How does citric acid protect against kidney stones?

Citric acid makes urine less ideal for the formation of stones. In its organic form, such as from citrus fruits, citric acid doesn't alkalinize the pee as citrate (from medication) does. Rather, it stops small stones from becoming "problem stones" by coating them and preventing other material from connecting and building onto the stones.

What are the best food sources of citric acid?
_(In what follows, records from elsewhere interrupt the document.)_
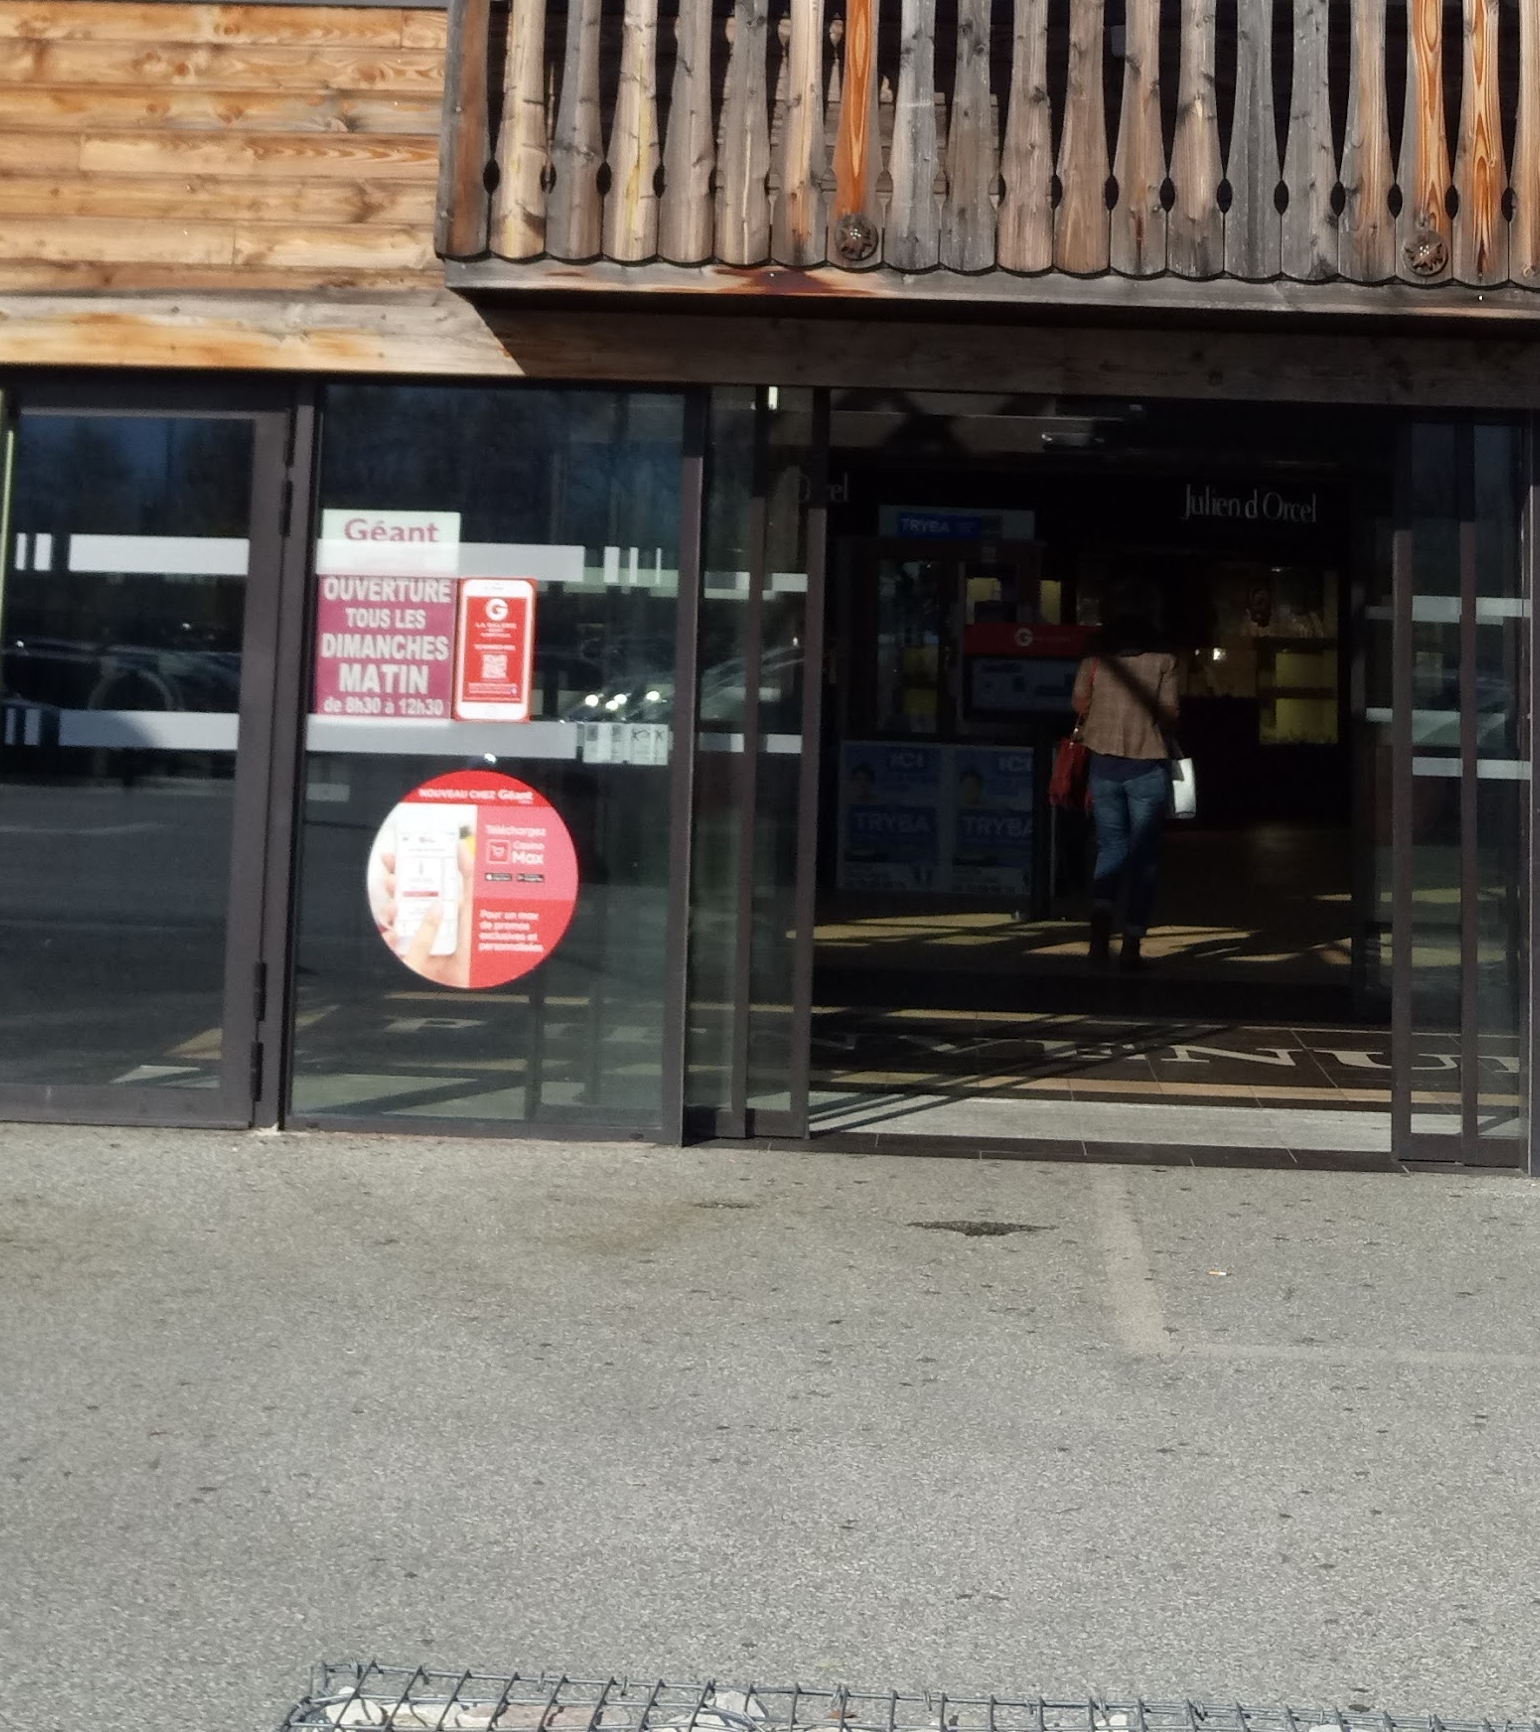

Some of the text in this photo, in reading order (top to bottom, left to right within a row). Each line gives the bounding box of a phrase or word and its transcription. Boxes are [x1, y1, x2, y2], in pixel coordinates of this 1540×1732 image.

[1181, 483, 1242, 520] Julien
[344, 517, 440, 543] Géant
[323, 576, 452, 604] OUVERTURE
[344, 607, 426, 629] TOUS LES
[321, 632, 450, 661] DIMANCHES
[338, 662, 430, 695] MATIN
[323, 697, 341, 713] de
[399, 698, 445, 716] 12h30
[418, 788, 469, 800] NOUVEAU
[498, 788, 534, 802] Géant
[511, 850, 544, 866] Max
Citric acid is most prevalent in citrus fruits and juices. Of these fruits, lemons and limes have the most citric acid. While oranges, grapefruits, and berries also contain significant amounts, lemons and limes will most significantly contribute to the citric acid content of your urine.
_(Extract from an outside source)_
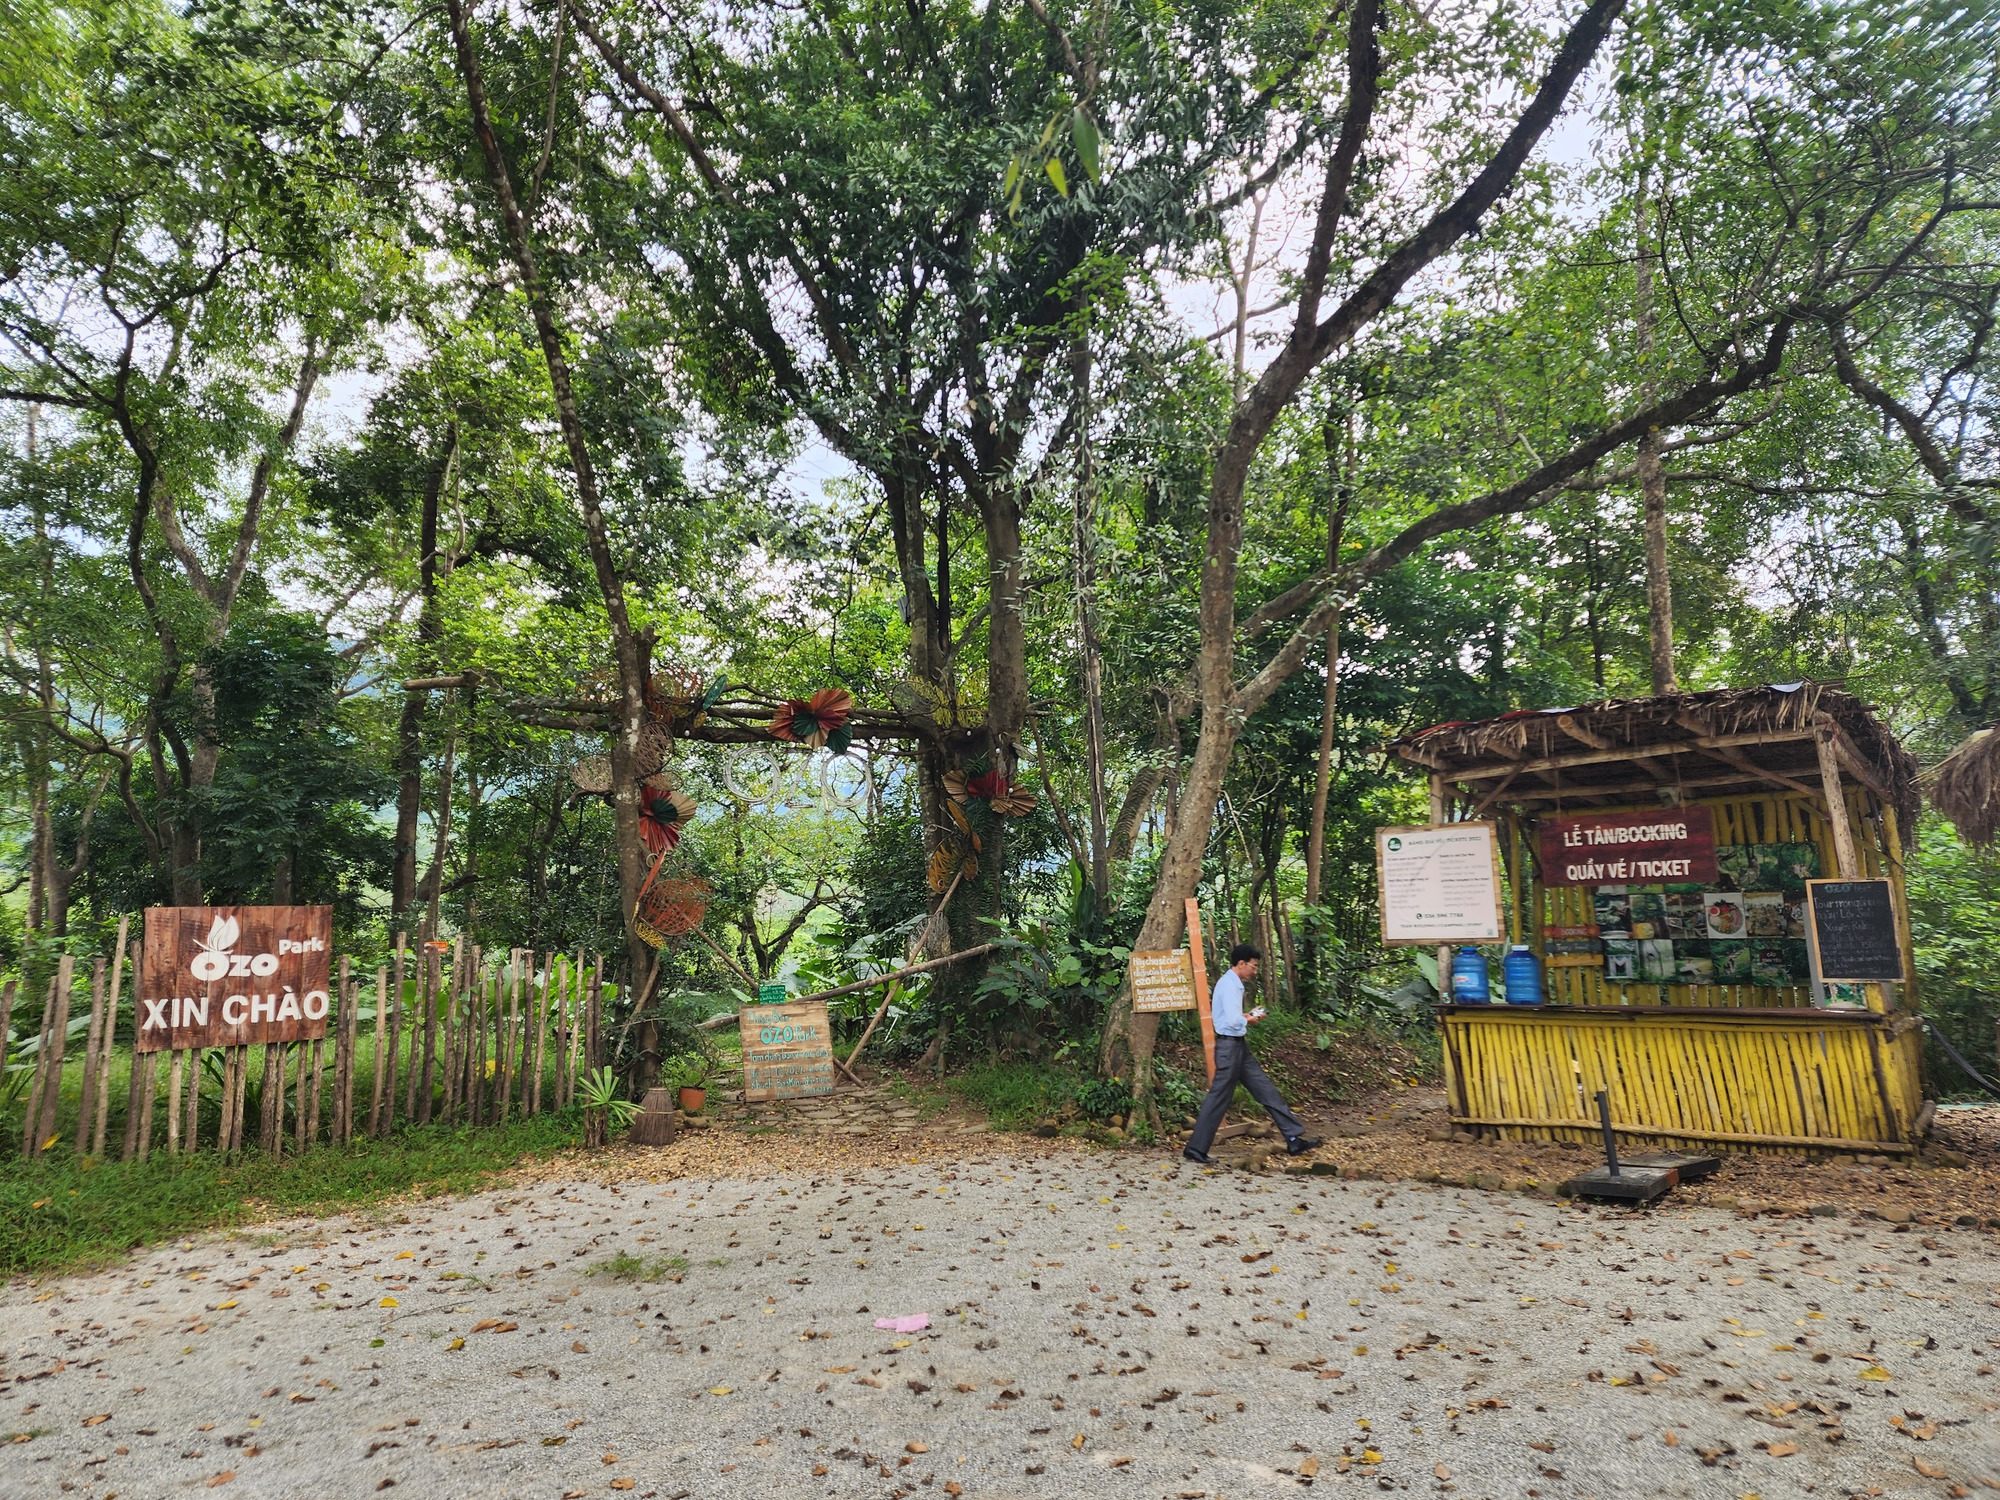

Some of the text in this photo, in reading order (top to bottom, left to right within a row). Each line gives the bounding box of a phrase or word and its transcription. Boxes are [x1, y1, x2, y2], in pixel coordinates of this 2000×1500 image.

A half-cup (4 ounces) of pure lemon juice per day or 32 ounces of mixed lemonade supply about the same amount of citric acid as does pharmacological therapy. In addition to increasing your citric acid consumption, drinking adequate fluids (at least ten 8-ounce glasses per day) - more in summer or when physical activity promotes heavy perspiration - may be the most powerful way to lower your risk of developing stones.

10 Easy Tips to Increase Your Citric Acid Intake

1. Consume 5 or more fruits and vegetables everyday.
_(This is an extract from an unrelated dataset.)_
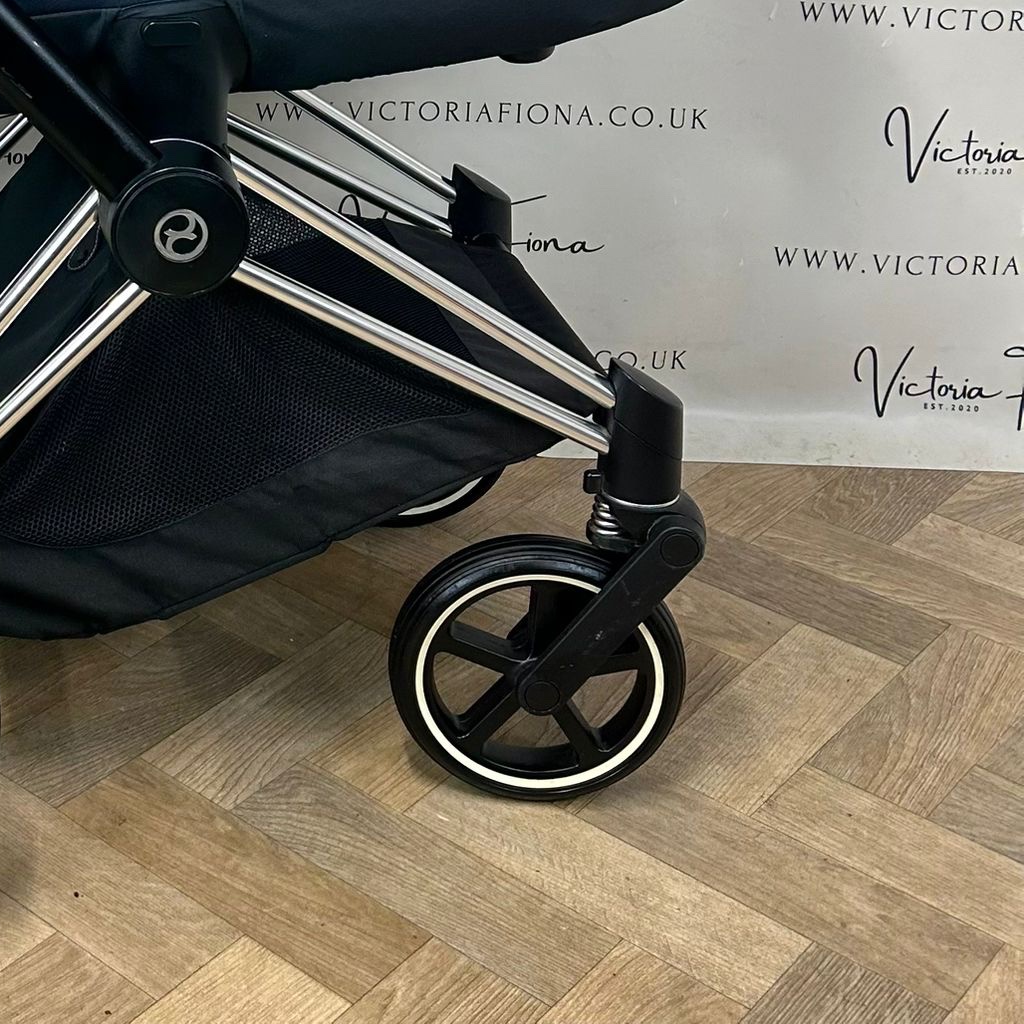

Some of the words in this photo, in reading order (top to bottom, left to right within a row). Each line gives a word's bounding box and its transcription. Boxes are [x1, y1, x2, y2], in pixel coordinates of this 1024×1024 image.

[884, 106, 1024, 184] Victoria
[956, 167, 1013, 176] EST.2020
[854, 346, 1003, 418] Victoria
[923, 403, 980, 412] EST.2020
As lemons and limes provide the most citric acid per gram, focus on them. Keep in mind, though, that increasing your intake of all fruits and vegetables - especially the citrus variety - will increase your citric acid intake and provide other health benefits also. For example, the potassium, magnesium, and phytate contained in fruits and vegetables protect you against forming new stones. Other phytochemicals in plant foods may avoid cancer and other chronic diseases.

* Here's a tip to get more juice from lemons - roll them on a hard surface while pressing down with your palm.

2. Squeeze fresh lemon (or reconstituted lemon juice) into ice cube trays before freezing.

Directions: Load trays almost full with water. Then, squeeze half a lemon or more over the tray, and freeze. Use these cubes for spicing up water and other beverages. In case you like the taste of lime, use lime instead of, or in addition to, lemons. Remember to drink at least 10 glasses of liquid each day to keep your pee dilute enough to prevent stones.

3. Squeeze Fresh lime or lemon juice directly into your fruit juice, tea, or water.

4. Use lemon juice. Water down 2 ozs. lemon juice with 6 ozs. water and drink two times a day - once in the morning and once in the evening - to achieve the goal of 4 ozs. lemon juice per day.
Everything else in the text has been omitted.